Work item
A faithful copy is required. Print each line of the data exactly and omit the pictures.

Data excerpts
■ ■ ■ ■

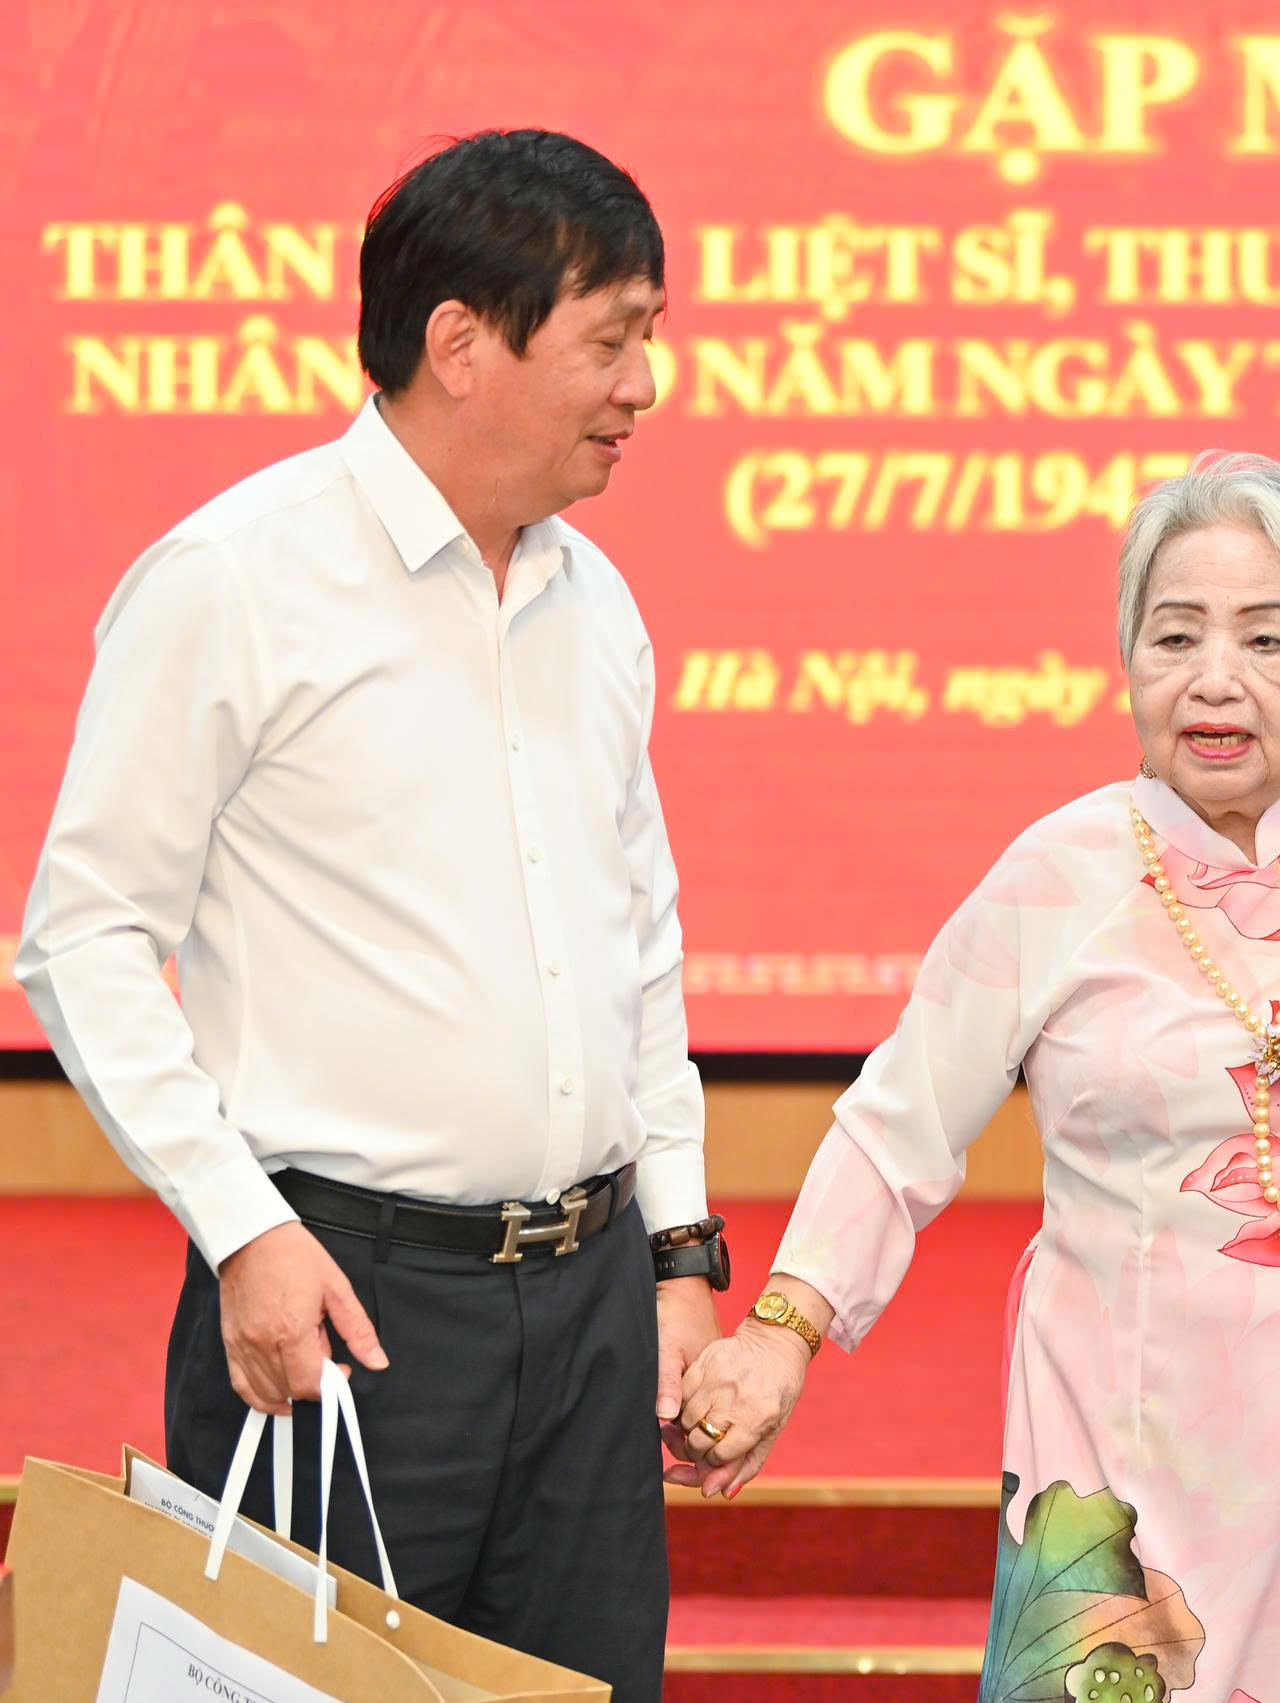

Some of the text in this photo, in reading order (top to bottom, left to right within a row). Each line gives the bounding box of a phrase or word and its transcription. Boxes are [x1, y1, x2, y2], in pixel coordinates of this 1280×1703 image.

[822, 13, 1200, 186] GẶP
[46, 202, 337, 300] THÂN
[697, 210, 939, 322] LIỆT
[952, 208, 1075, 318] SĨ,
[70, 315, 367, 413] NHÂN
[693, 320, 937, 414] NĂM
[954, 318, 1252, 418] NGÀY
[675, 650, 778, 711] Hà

■ ■ ■ ■

Solution below
Some of the text in this photo, in reading order (top to bottom, left to right within a row). Each line gives the bounding box of a phrase or word and its transcription. Boxes are [x1, y1, x2, y2], in pixel coordinates of this 1280×1703 image.

[822, 13, 1200, 186] GẶP
[46, 202, 337, 300] THÂN
[697, 210, 939, 322] LIỆT
[952, 208, 1075, 318] SĨ,
[70, 315, 367, 413] NHÂN
[693, 320, 937, 414] NĂM
[954, 318, 1252, 418] NGÀY
[675, 650, 778, 711] Hà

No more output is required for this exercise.